Certains orateurs avaient une idée sociologique de l’Église, une compréhension naturaliste de l’Église, mais ils n’en avaient pas la compréhension théologique. Ils parlent toujours de l'Esprit, mais l'Esprit n'est pas un fluide. L'Esprit dans l'Église est la Troisième Personne de la Trinité. C'est une Personne . Et nous ne pouvons jamais parler du Saint-Esprit sans le Fils et le Père. Toujours et à tout moment nous parlons de l'Esprit du Père et du Fils. Jésus-Christ n'est presque jamais mentionné – seulement de manière pédagogique, d'une manière qui transforme les paraboles et leur sens. Jésus n'a pas condamné la femme adultère, par exemple. Les interventions parlaient de notre relation avec Jésus, mais pas en tant que Jésus en tant que Parole de Dieu, donnée une fois pour toutes.

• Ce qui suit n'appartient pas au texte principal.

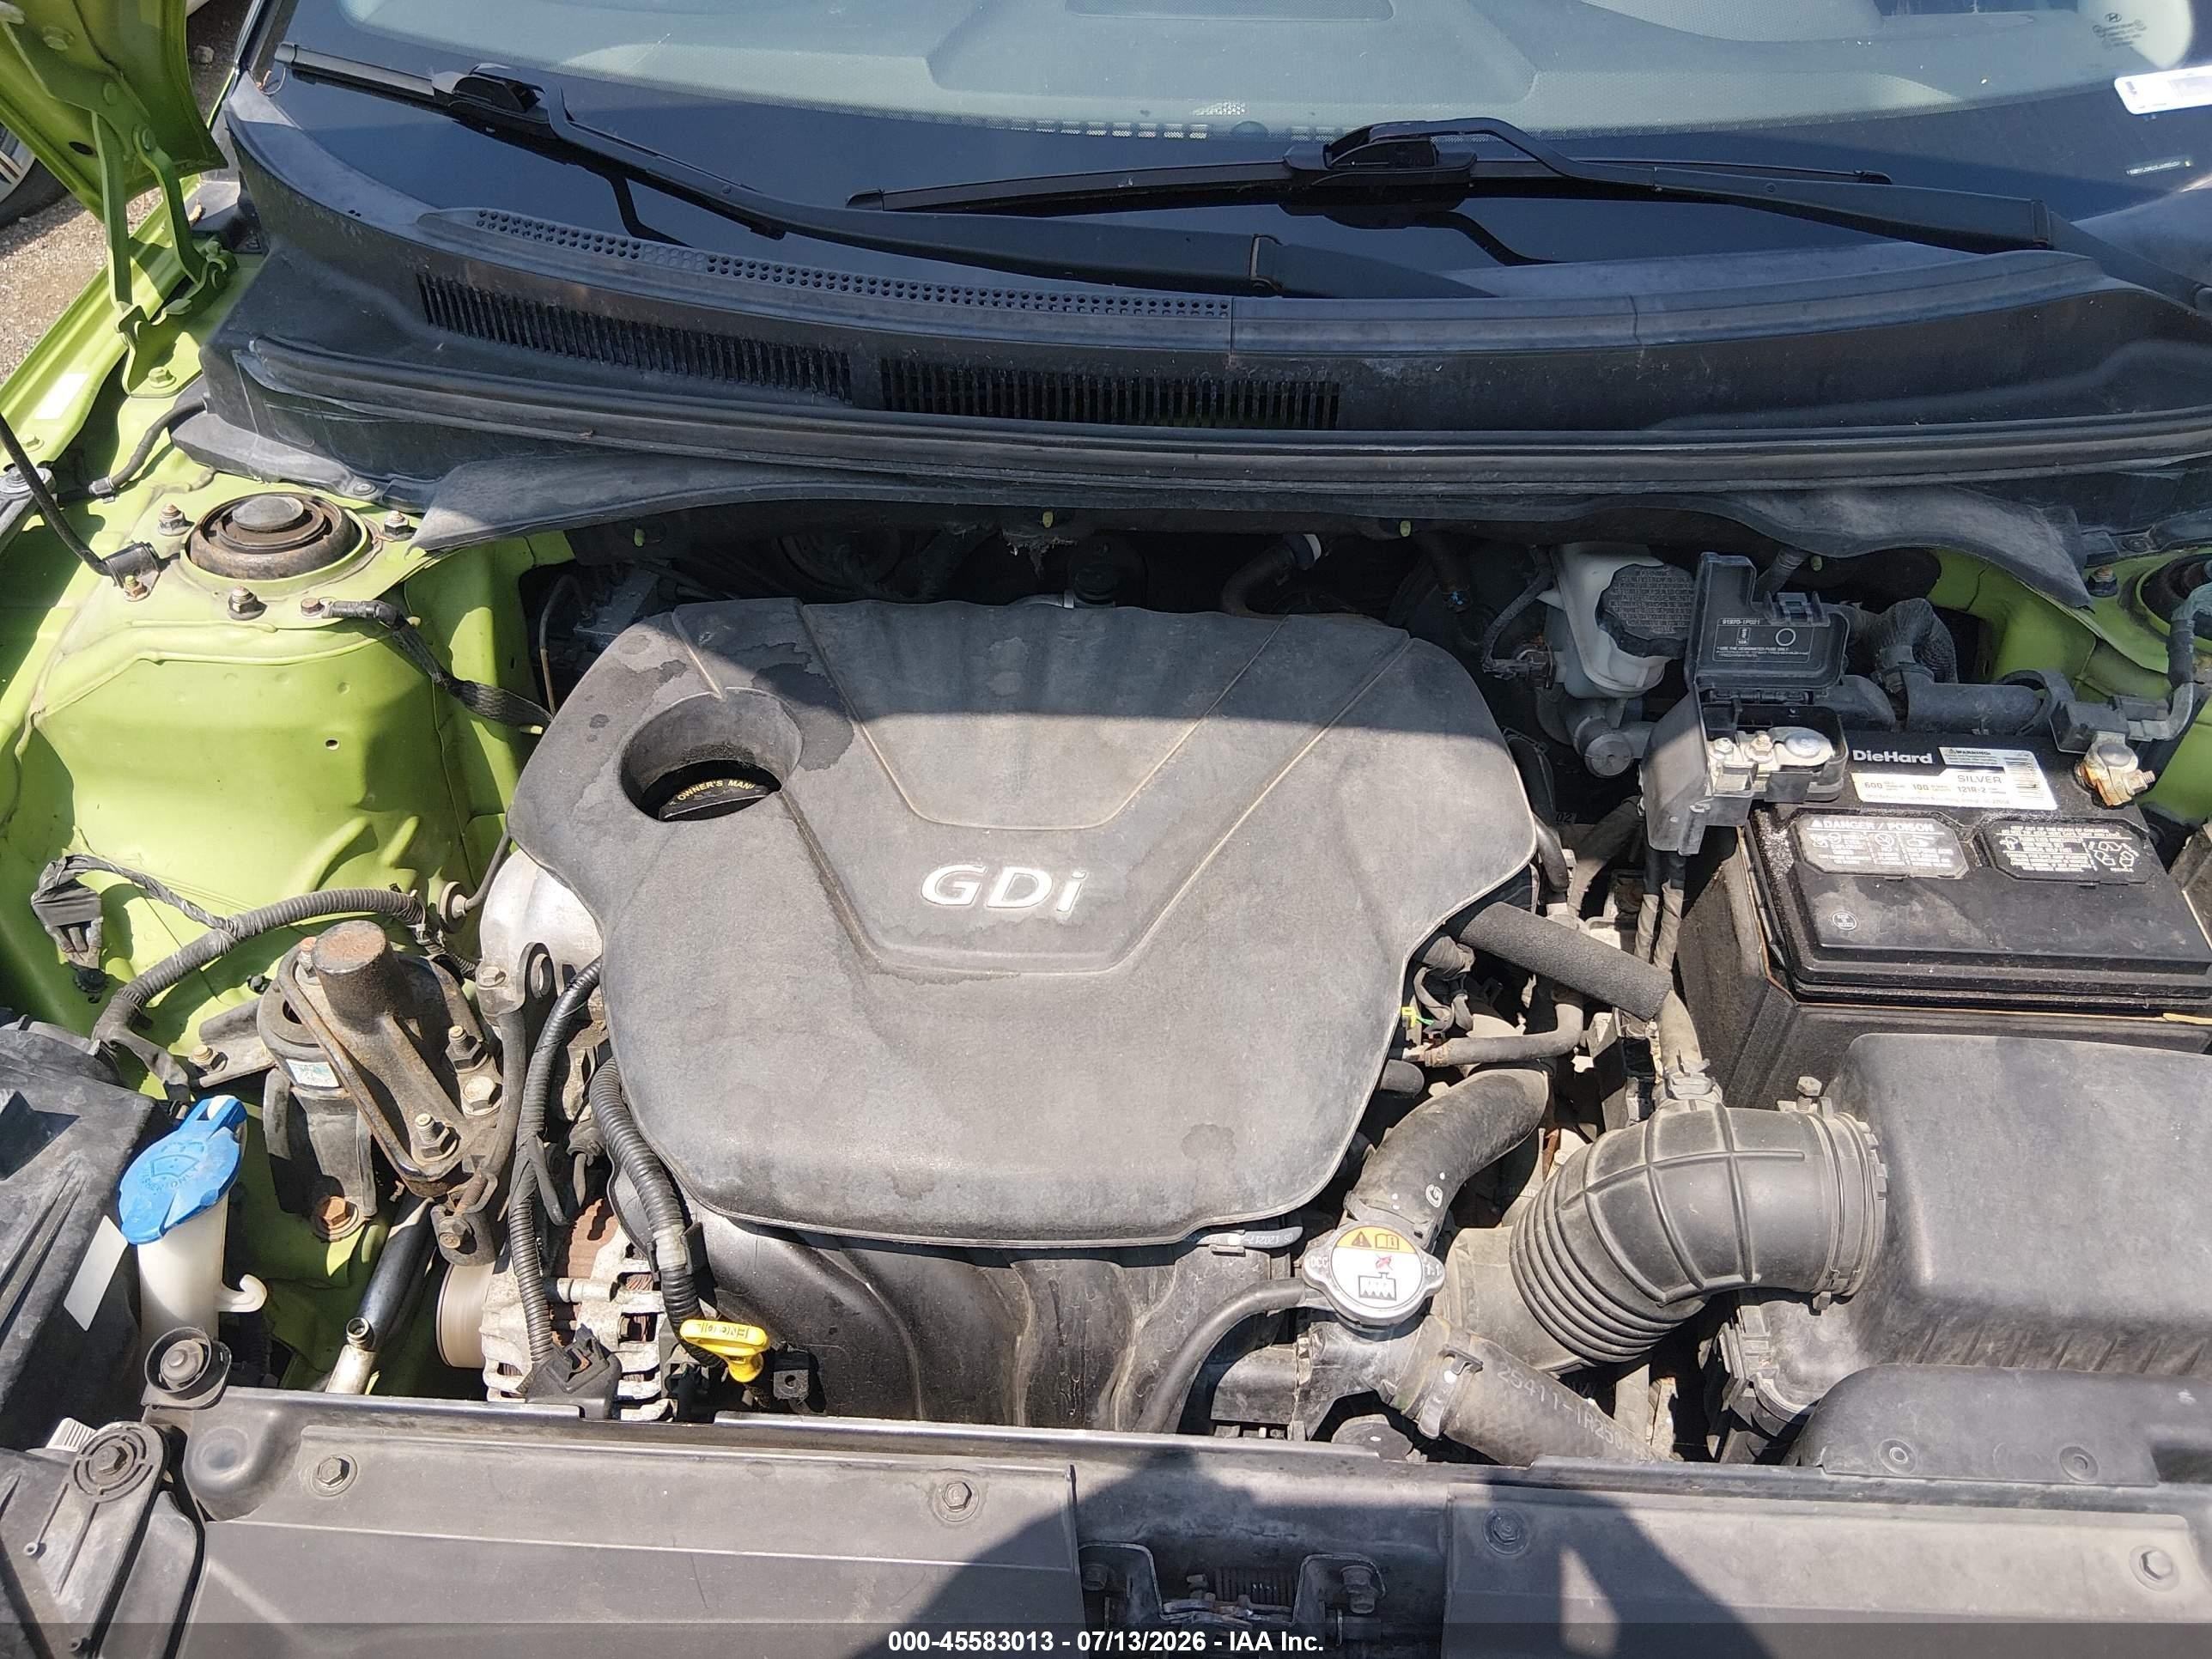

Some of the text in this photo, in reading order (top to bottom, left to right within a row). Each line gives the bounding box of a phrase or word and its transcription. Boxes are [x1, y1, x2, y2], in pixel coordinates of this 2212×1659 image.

[1852, 750, 1933, 764] DieHard
[1957, 775, 2002, 784] SILVER
[677, 780, 723, 801] OWNER'S
[1823, 820, 1875, 830] DANGER
[1887, 822, 1935, 832] POISON
[920, 863, 1088, 914] GDi
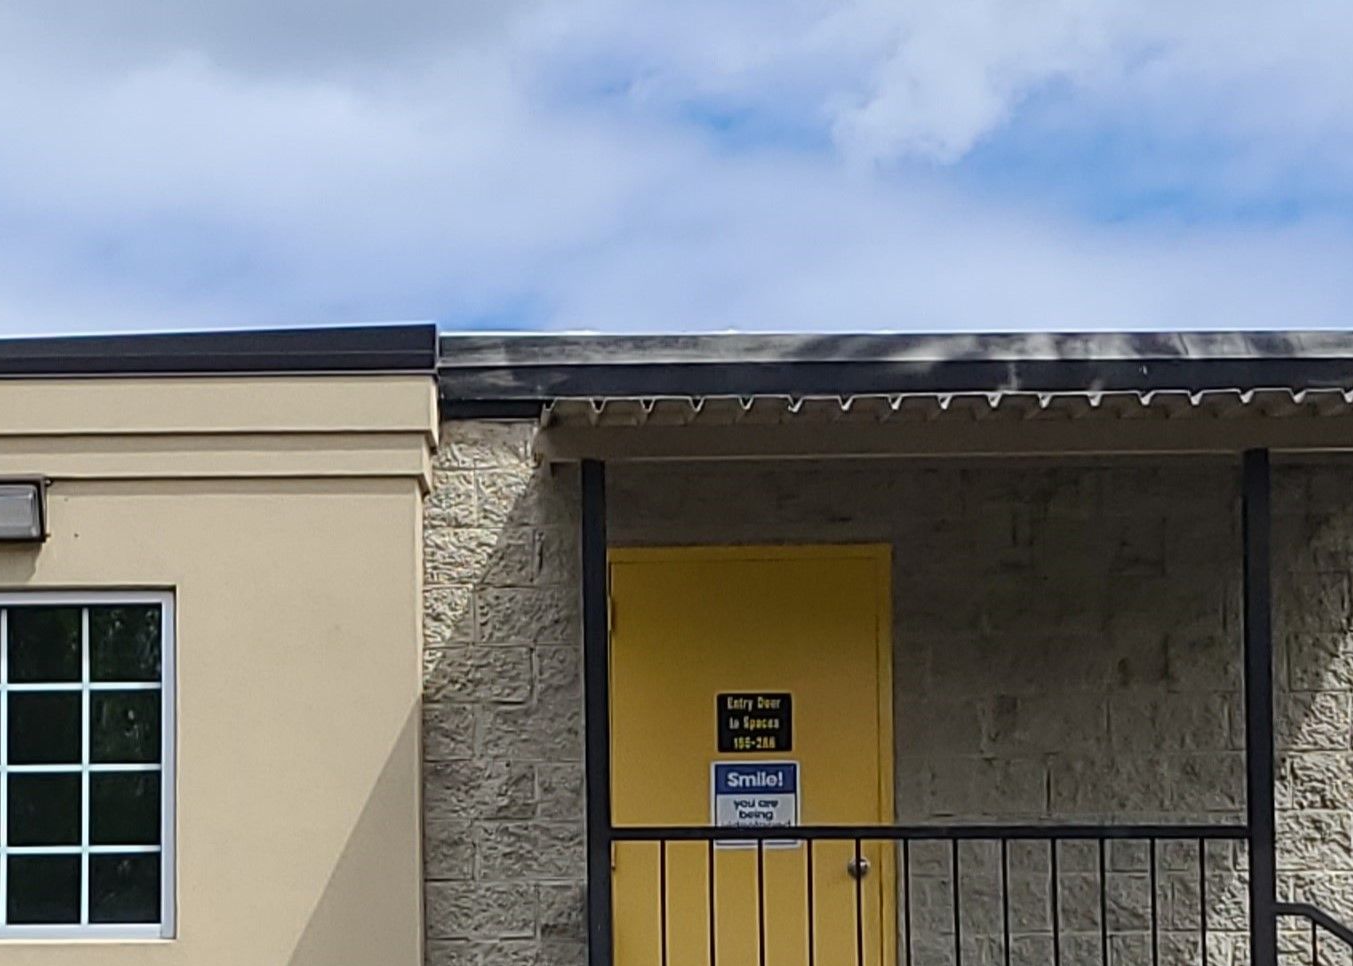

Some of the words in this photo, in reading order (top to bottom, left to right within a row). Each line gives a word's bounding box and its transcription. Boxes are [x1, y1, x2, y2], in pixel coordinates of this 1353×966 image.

[726, 696, 754, 712] Entry
[743, 714, 780, 732] Spaces
[726, 770, 784, 788] Smile!
[732, 799, 756, 811] you
[758, 799, 779, 809] are
[739, 809, 775, 821] being
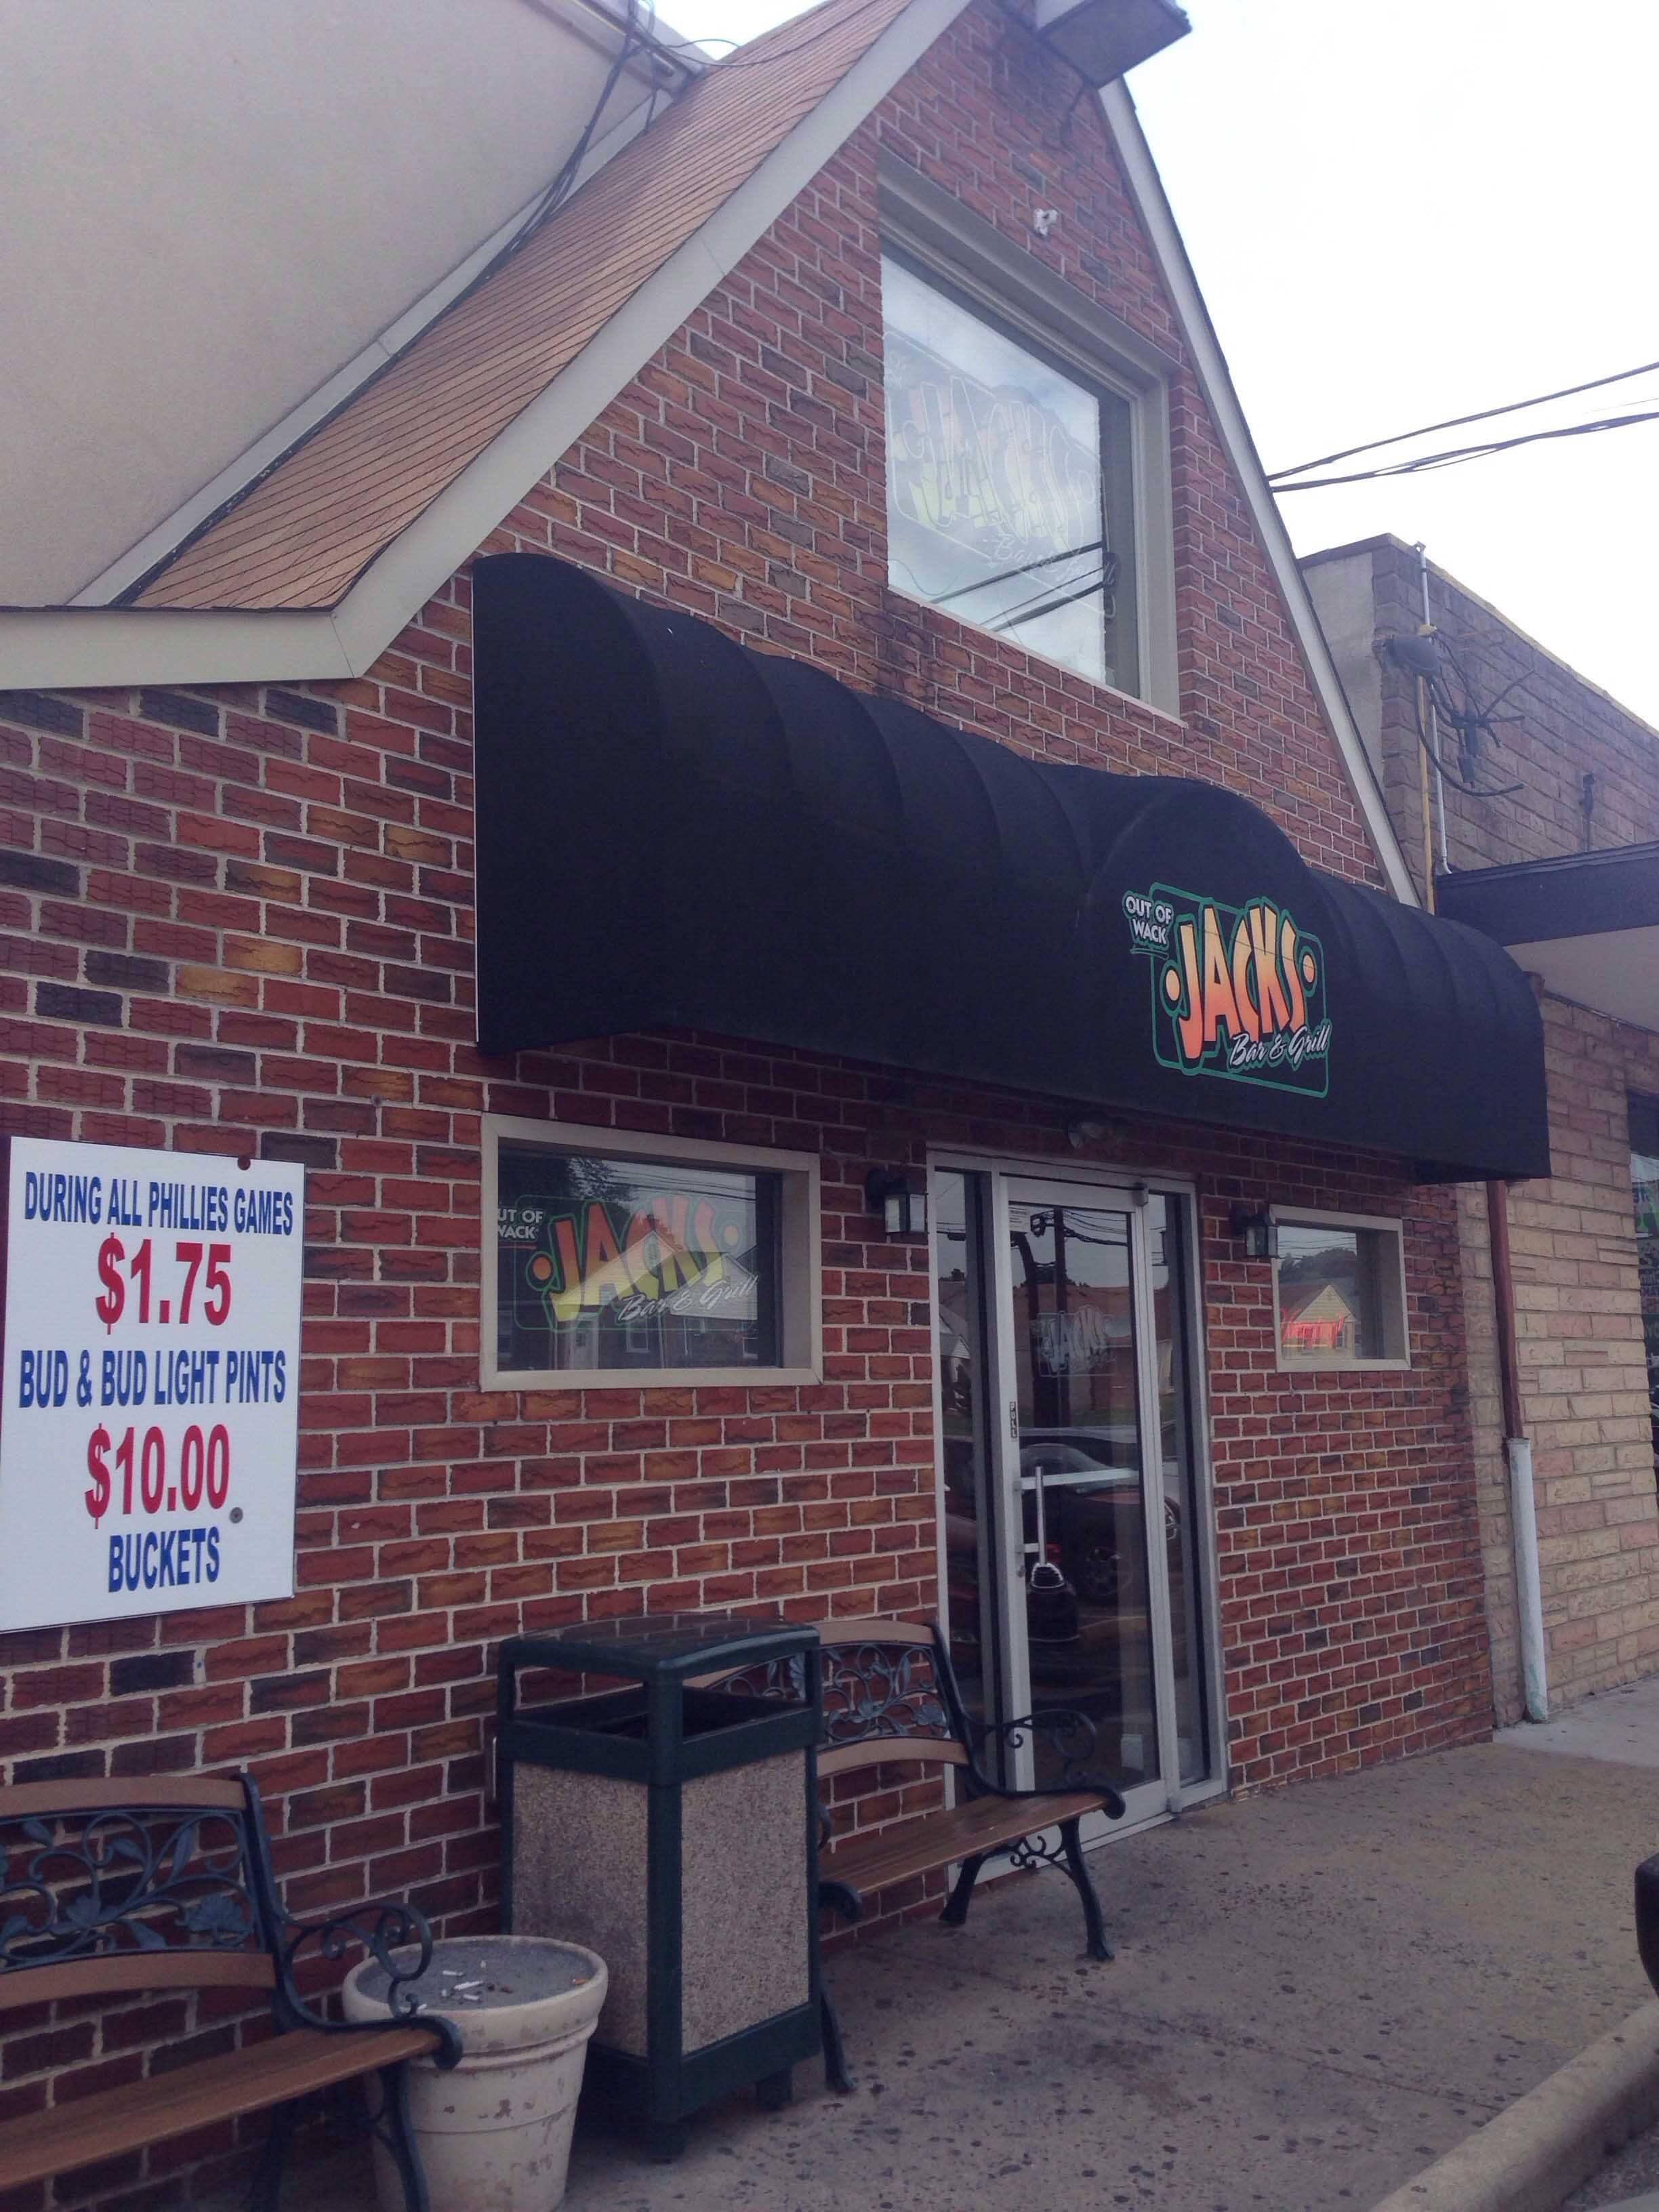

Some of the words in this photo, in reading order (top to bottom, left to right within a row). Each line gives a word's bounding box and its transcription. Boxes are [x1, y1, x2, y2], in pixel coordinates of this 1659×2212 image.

[1126, 896, 1151, 918] OUT
[1155, 905, 1172, 924] OF
[1132, 918, 1166, 944] WACK
[1179, 904, 1306, 1059] JACKS
[1230, 1033, 1268, 1065] Bar
[1270, 1033, 1287, 1059] &
[1288, 1024, 1330, 1064] Grill
[25, 1172, 102, 1224] DURING
[108, 1179, 142, 1227] ALL
[149, 1182, 228, 1232] PHILLIES
[234, 1187, 293, 1235] GAMES
[498, 1208, 517, 1222] UT
[522, 1210, 544, 1223] OF
[96, 1232, 232, 1335] $1.75
[550, 1195, 724, 1322] JACKS
[617, 1293, 669, 1321] Bar
[20, 1350, 68, 1408] BUD
[77, 1351, 93, 1407] &
[102, 1350, 147, 1406] BUD
[155, 1351, 220, 1405] LIGHT
[226, 1351, 287, 1404] PINTS
[85, 1423, 230, 1530] $10.00
[108, 1526, 220, 1593] BUCKETS

 Dans quelle mesure la doctrine, la foi et la morale ont-elles été évoquées ?

Uniquement aux tables. Nous pourrions en parler un peu, mais seulement pendant quelques minutes. Il s’agissait plutôt d’un ensemble d’impressions, mais il ne s’agissait pas d’une réflexion théologique profonde. Comment est-ce possible dans ce contexte ? Pour le reste, il n'y avait que quelques interventions possibles, mais tout était un peu manipulé et dépendait de qui était autorisé à donner les interventions théologiques, de qui étaient les guides spirituels.  

En regardant les délégués, beaucoup d'entre eux étaient des personnes avec lesquelles Benoît XVI et le pape Saint Jean-Paul II n'étaient pas d'accord avec les vues théologiques. Qu’aurait pensé Benoît de ce synode ?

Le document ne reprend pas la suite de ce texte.